- Problem statement
Whenever a picture appears, leave it out while repeating all the other data exactly.

- Information given
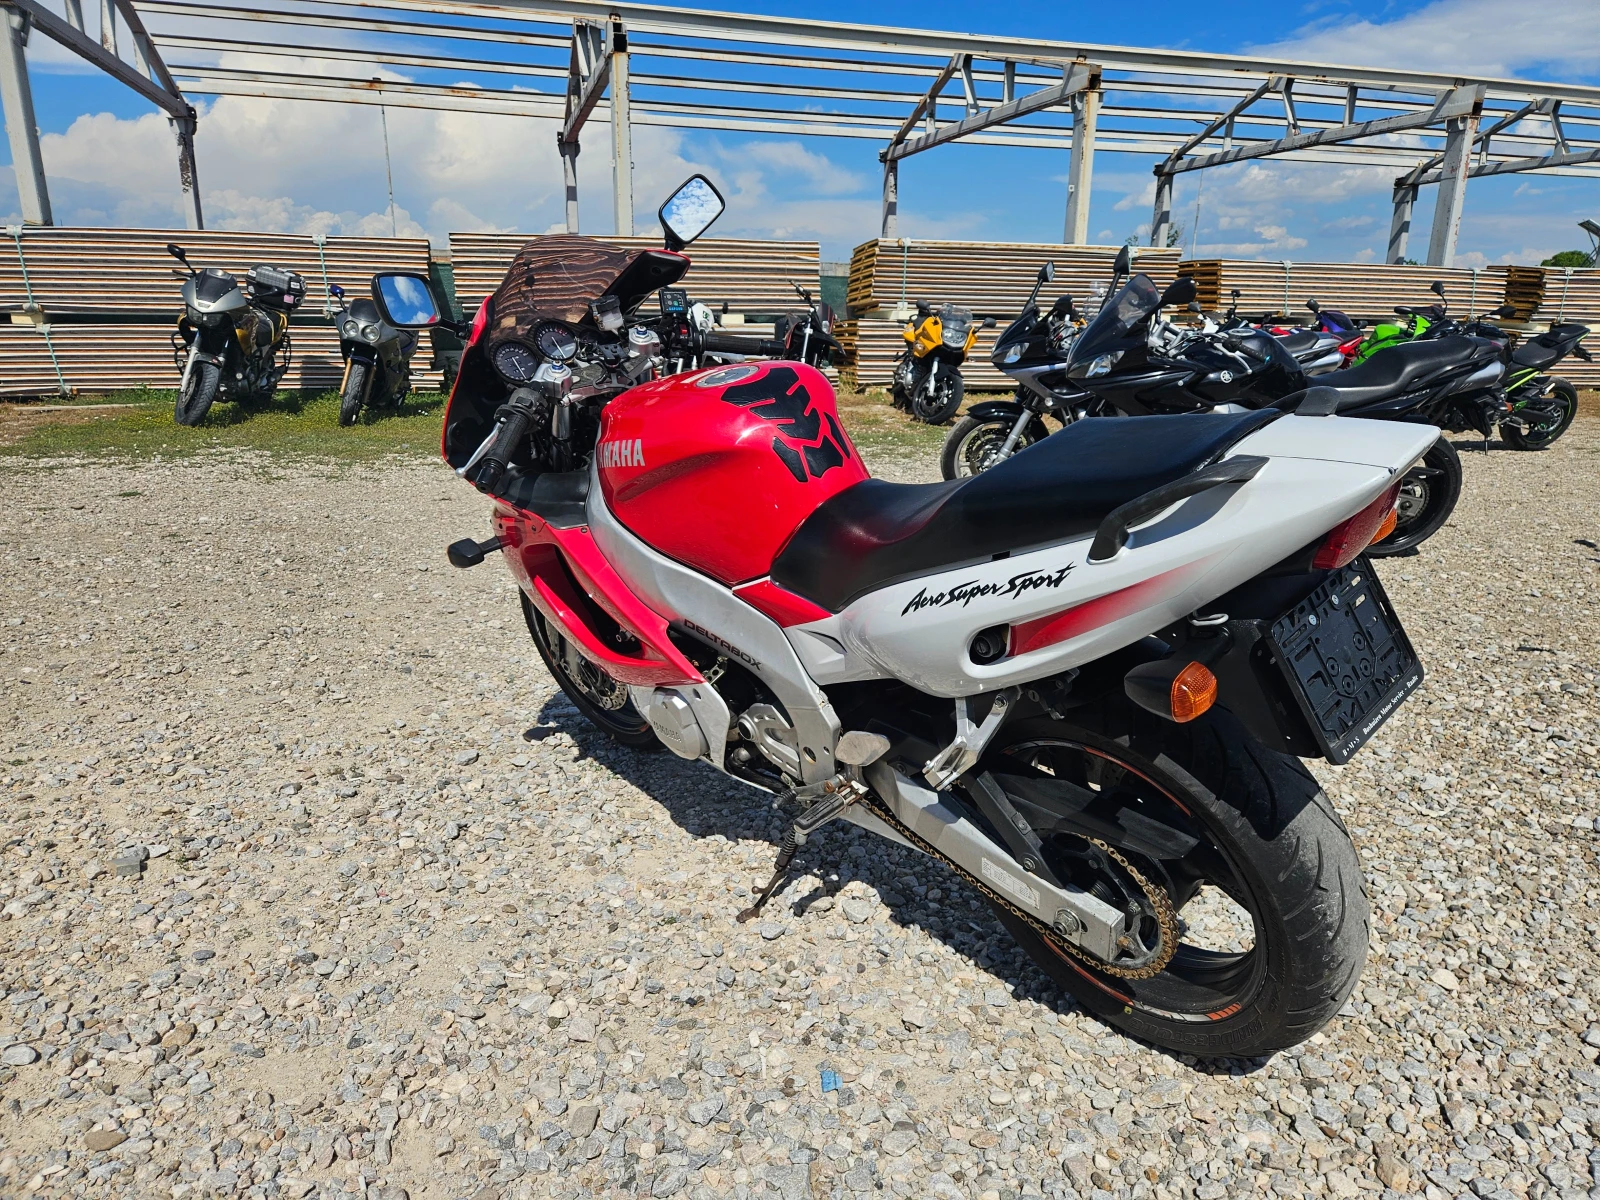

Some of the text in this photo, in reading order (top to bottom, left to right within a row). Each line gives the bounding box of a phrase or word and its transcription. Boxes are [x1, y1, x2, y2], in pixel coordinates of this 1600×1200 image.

[900, 560, 1077, 617] Aero Super Sport
[684, 618, 762, 671] DELTABOX
[1390, 690, 1405, 705] Service
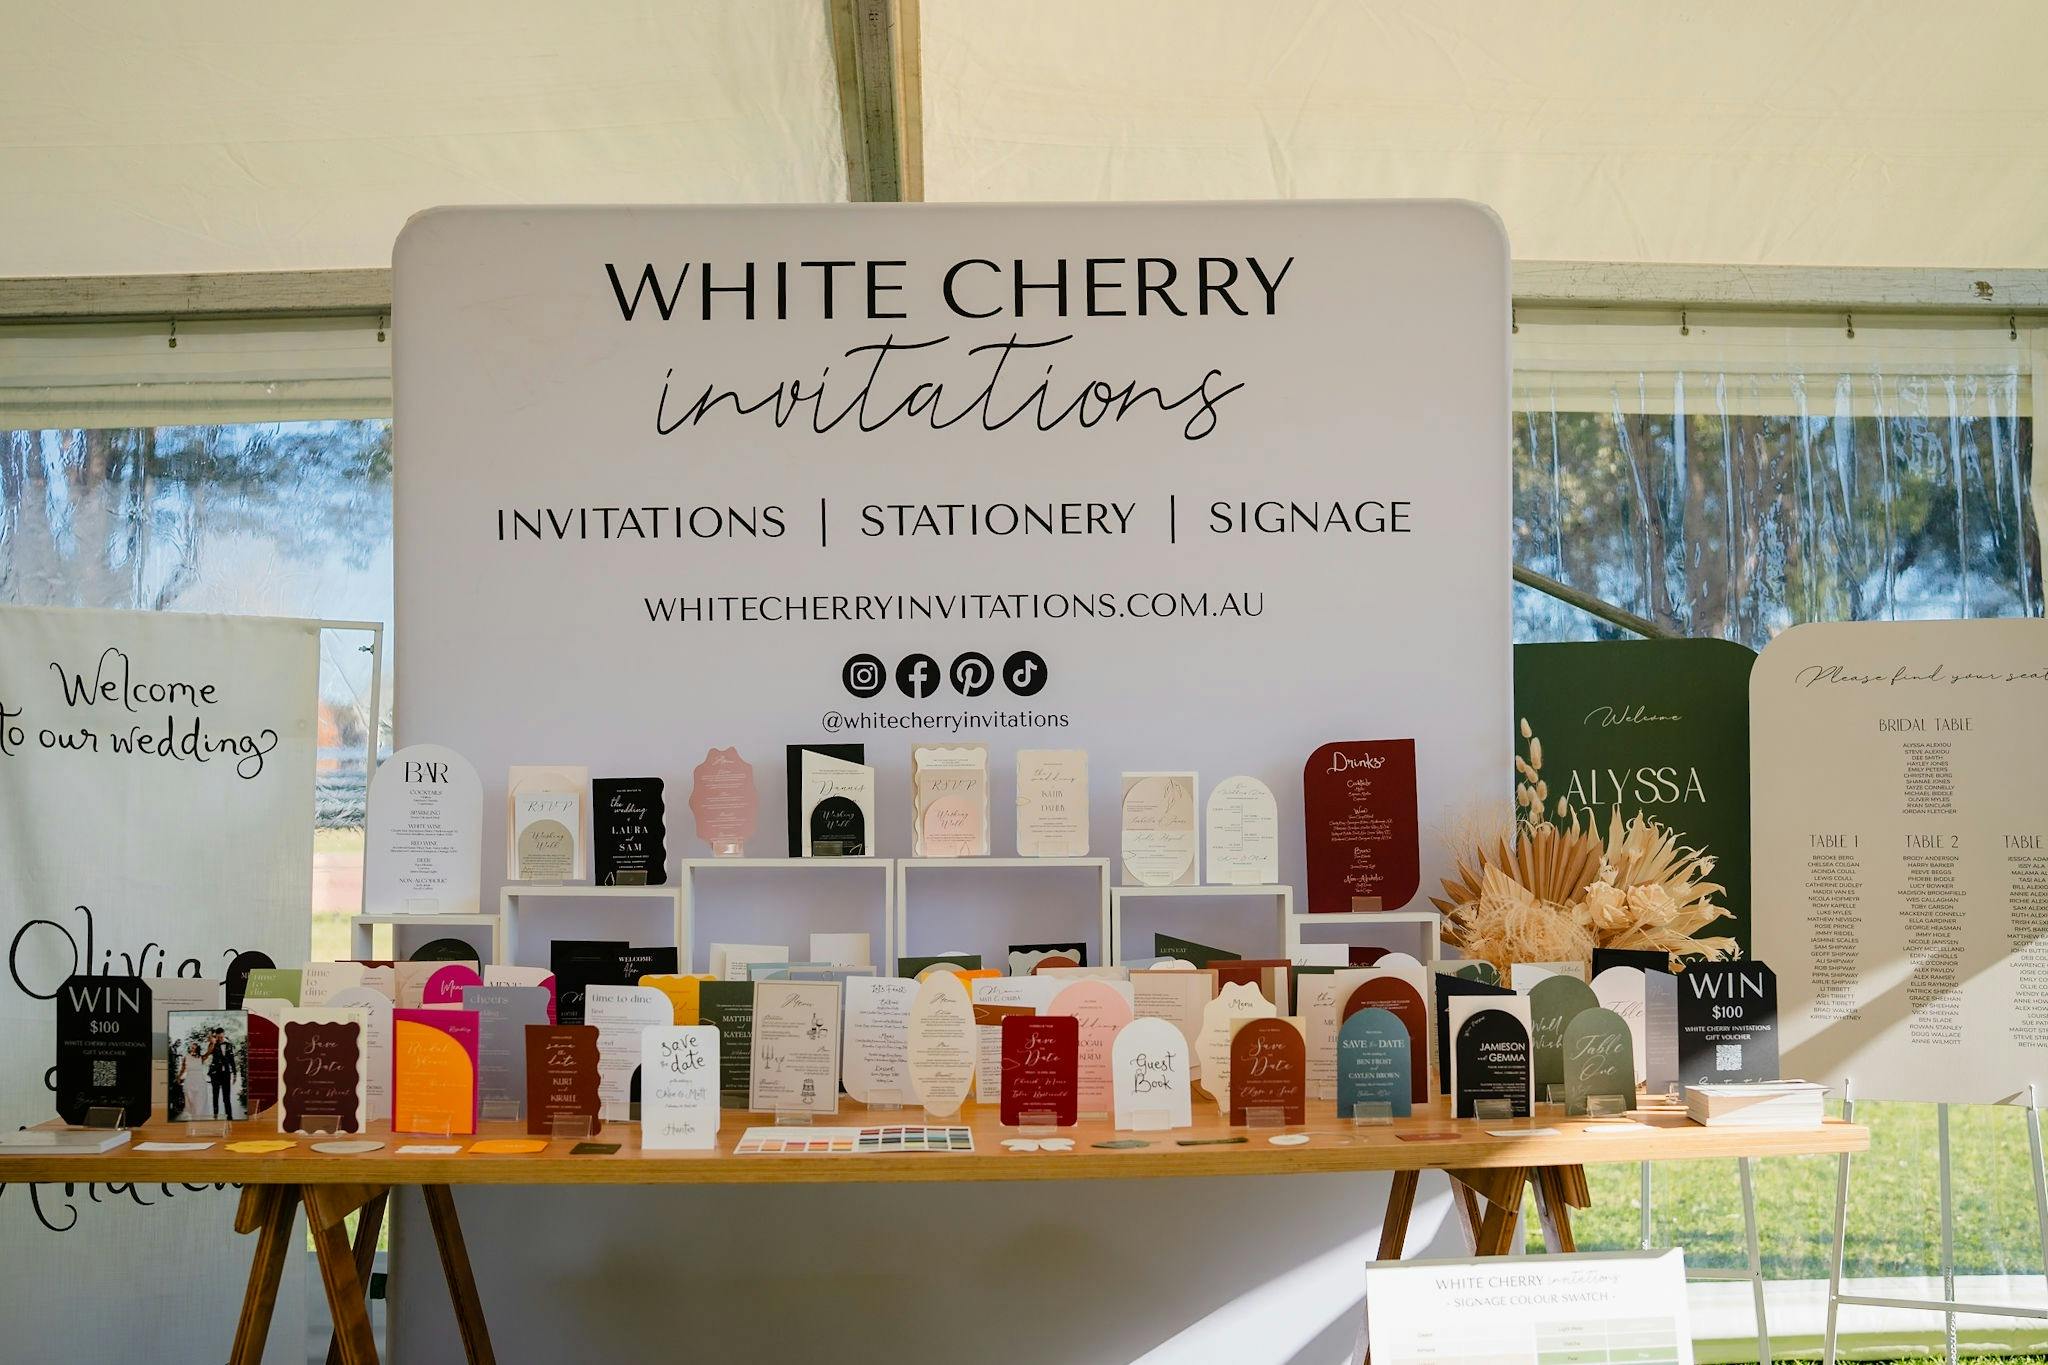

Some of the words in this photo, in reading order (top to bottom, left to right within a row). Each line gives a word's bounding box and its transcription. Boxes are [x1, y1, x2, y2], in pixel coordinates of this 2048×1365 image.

[605, 260, 909, 323] WHITE
[942, 256, 1296, 319] CHERRY
[655, 332, 1246, 442] invitations
[498, 508, 786, 541] INVITATIONS
[860, 503, 1137, 538] STATIONERY
[1211, 500, 1413, 535] SIGNAGE
[644, 593, 1266, 622] WHITECHERRYINVITATIONS.COM.AU
[50, 647, 219, 713] Welcome
[1794, 664, 1888, 689] Please
[1893, 663, 1947, 688] find
[1950, 670, 2003, 689] your
[822, 709, 1070, 732] @whitecherryinvitations
[1583, 704, 1684, 728] Welcome
[1878, 718, 1926, 732] BRIDAL
[1934, 717, 1974, 732] TABLE
[0, 703, 25, 757] to
[38, 726, 99, 753] our
[111, 715, 279, 780] wedding
[405, 762, 448, 783] BAR
[1327, 752, 1386, 774] Drinks
[1564, 766, 1707, 805] ALYSSA
[610, 795, 624, 808] the
[614, 802, 648, 820] wedding
[612, 826, 648, 835] LAURA
[619, 843, 642, 852] SAM
[1808, 834, 1848, 848] TABLE
[1853, 834, 1859, 848] 1
[1904, 834, 1944, 848] TABLE
[1951, 835, 1959, 848] 2
[2002, 835, 2043, 849] TABLE
[1688, 972, 1764, 999] WIN
[68, 986, 140, 1014] WIN
[592, 994, 614, 1003] time
[616, 994, 628, 1003] to
[630, 994, 652, 1004] dine
[1228, 999, 1254, 1011] Menu
[1711, 1006, 1743, 1020] $100
[90, 1020, 120, 1034] $100
[304, 1034, 338, 1054] Save
[662, 1034, 698, 1057] save
[1025, 1032, 1056, 1050] Save
[1248, 1036, 1287, 1057] Save
[1342, 1040, 1368, 1048] SAVE
[1379, 1040, 1405, 1048] DATE
[1480, 1042, 1526, 1051] JAMIESON
[1571, 1034, 1623, 1061] Table
[296, 1057, 344, 1077] Date
[671, 1050, 705, 1074] date
[1016, 1050, 1062, 1067] Date
[1130, 1050, 1177, 1076] Guest
[1240, 1056, 1294, 1076] Date
[1488, 1053, 1526, 1062] GEMMA
[1579, 1054, 1616, 1082] One
[1134, 1069, 1172, 1094] Book
[1436, 1276, 1484, 1290] WHITE
[1488, 1274, 1544, 1289] CHERRY
[1454, 1296, 1508, 1308] SIGNAGE
[1509, 1294, 1558, 1306] COLOUR
[1560, 1291, 1609, 1303] SWATCH
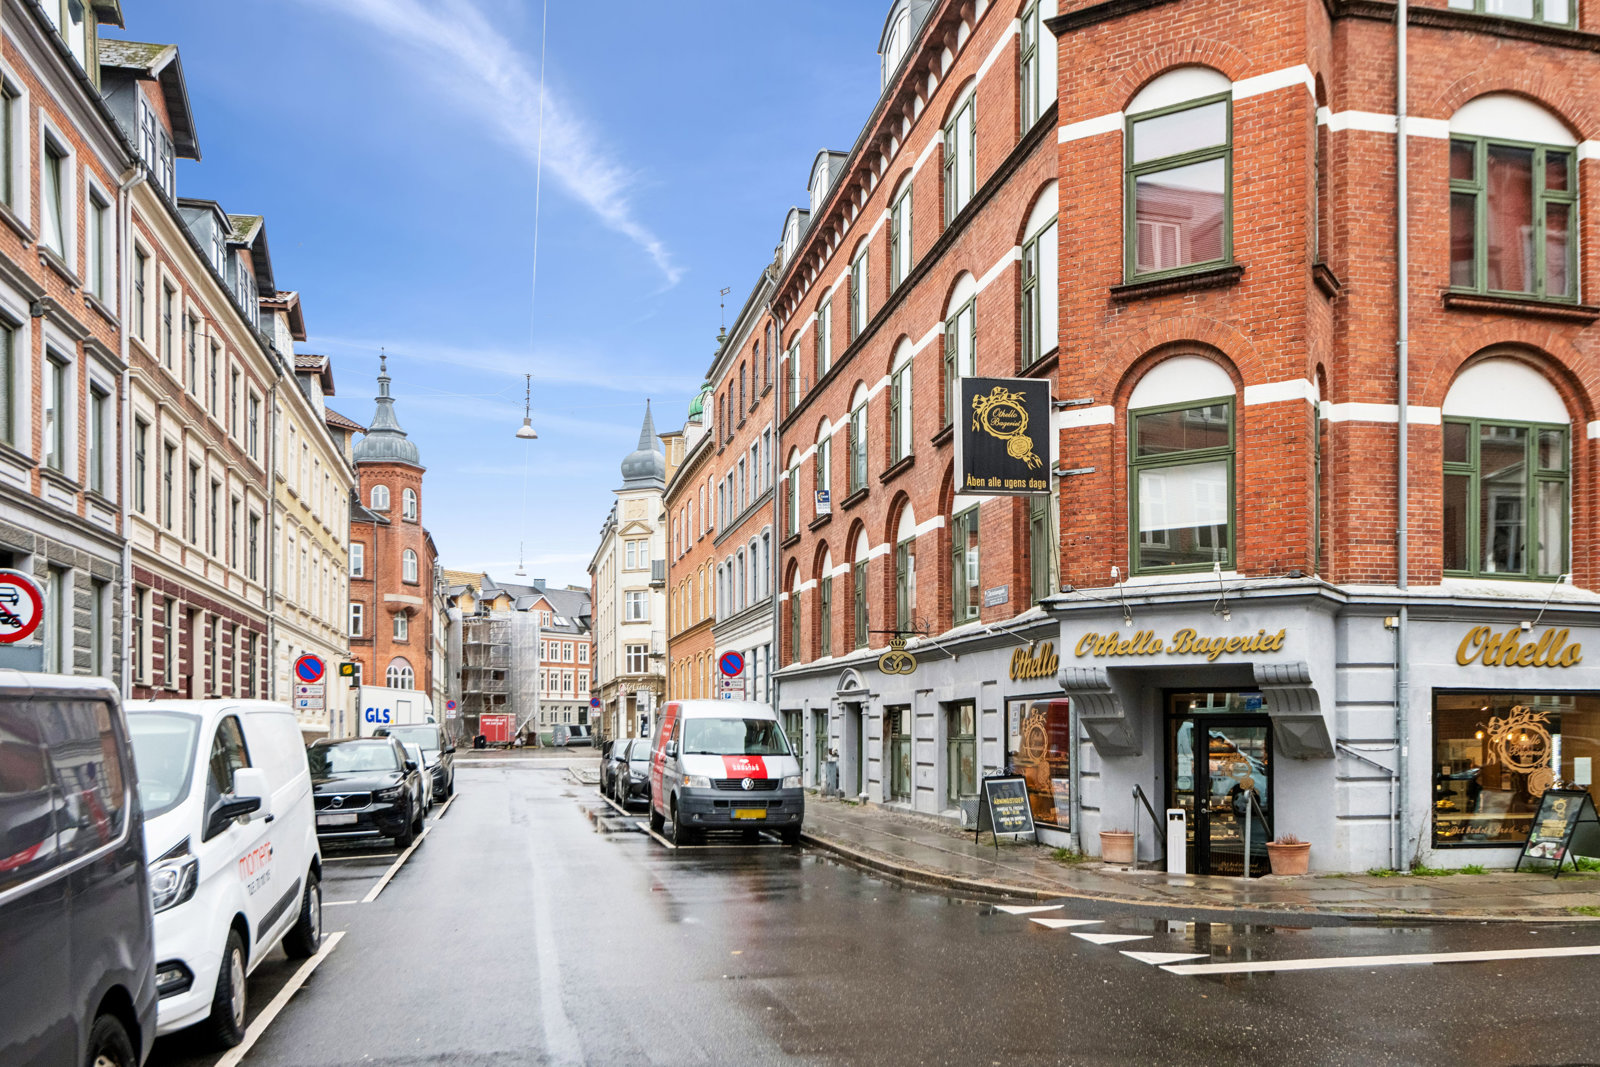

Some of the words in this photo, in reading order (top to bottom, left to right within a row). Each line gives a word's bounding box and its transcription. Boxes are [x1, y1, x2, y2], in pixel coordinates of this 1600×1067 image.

- Task response
Some of the text in this photo, in reading order (top to bottom, left to right within a row). Each line gives the bounding box of a phrase or word and its transcription. Boxes are [x1, y1, x2, y2], in pixel coordinates of this 1600×1200 image.

[900, 560, 1077, 617] Aero Super Sport
[684, 618, 762, 671] DELTABOX
[1390, 690, 1405, 705] Service

Some of the words in this photo, in reading order (top to bottom, left to right within a row). Each line gives a word's bounding box and its transcription. Boxes are [x1, y1, x2, y2], in pixel coordinates of this 2048×1365 image.

[605, 260, 909, 323] WHITE
[942, 256, 1296, 319] CHERRY
[655, 332, 1246, 442] invitations
[498, 508, 786, 541] INVITATIONS
[860, 503, 1137, 538] STATIONERY
[1211, 500, 1413, 535] SIGNAGE
[644, 593, 1266, 622] WHITECHERRYINVITATIONS.COM.AU
[50, 647, 219, 713] Welcome
[1794, 664, 1888, 689] Please
[1893, 663, 1947, 688] find
[1950, 670, 2003, 689] your
[822, 709, 1070, 732] @whitecherryinvitations
[1583, 704, 1684, 728] Welcome
[1878, 718, 1926, 732] BRIDAL
[1934, 717, 1974, 732] TABLE
[0, 703, 25, 757] to
[38, 726, 99, 753] our
[111, 715, 279, 780] wedding
[405, 762, 448, 783] BAR
[1327, 752, 1386, 774] Drinks
[1564, 766, 1707, 805] ALYSSA
[610, 795, 624, 808] the
[614, 802, 648, 820] wedding
[612, 826, 648, 835] LAURA
[619, 843, 642, 852] SAM
[1808, 834, 1848, 848] TABLE
[1853, 834, 1859, 848] 1
[1904, 834, 1944, 848] TABLE
[1951, 835, 1959, 848] 2
[2002, 835, 2043, 849] TABLE
[1688, 972, 1764, 999] WIN
[68, 986, 140, 1014] WIN
[592, 994, 614, 1003] time
[616, 994, 628, 1003] to
[630, 994, 652, 1004] dine
[1228, 999, 1254, 1011] Menu
[1711, 1006, 1743, 1020] $100
[90, 1020, 120, 1034] $100
[304, 1034, 338, 1054] Save
[662, 1034, 698, 1057] save
[1025, 1032, 1056, 1050] Save
[1248, 1036, 1287, 1057] Save
[1342, 1040, 1368, 1048] SAVE
[1379, 1040, 1405, 1048] DATE
[1480, 1042, 1526, 1051] JAMIESON
[1571, 1034, 1623, 1061] Table
[296, 1057, 344, 1077] Date
[671, 1050, 705, 1074] date
[1016, 1050, 1062, 1067] Date
[1130, 1050, 1177, 1076] Guest
[1240, 1056, 1294, 1076] Date
[1488, 1053, 1526, 1062] GEMMA
[1579, 1054, 1616, 1082] One
[1134, 1069, 1172, 1094] Book
[1436, 1276, 1484, 1290] WHITE
[1488, 1274, 1544, 1289] CHERRY
[1454, 1296, 1508, 1308] SIGNAGE
[1509, 1294, 1558, 1306] COLOUR
[1560, 1291, 1609, 1303] SWATCH

Some of the words in this photo, in reading order (top to bottom, left to right within a row). Each line gives a word's bounding box and its transcription. Boxes are [x1, y1, x2, y2], in pixel coordinates of this 1600×1067 image.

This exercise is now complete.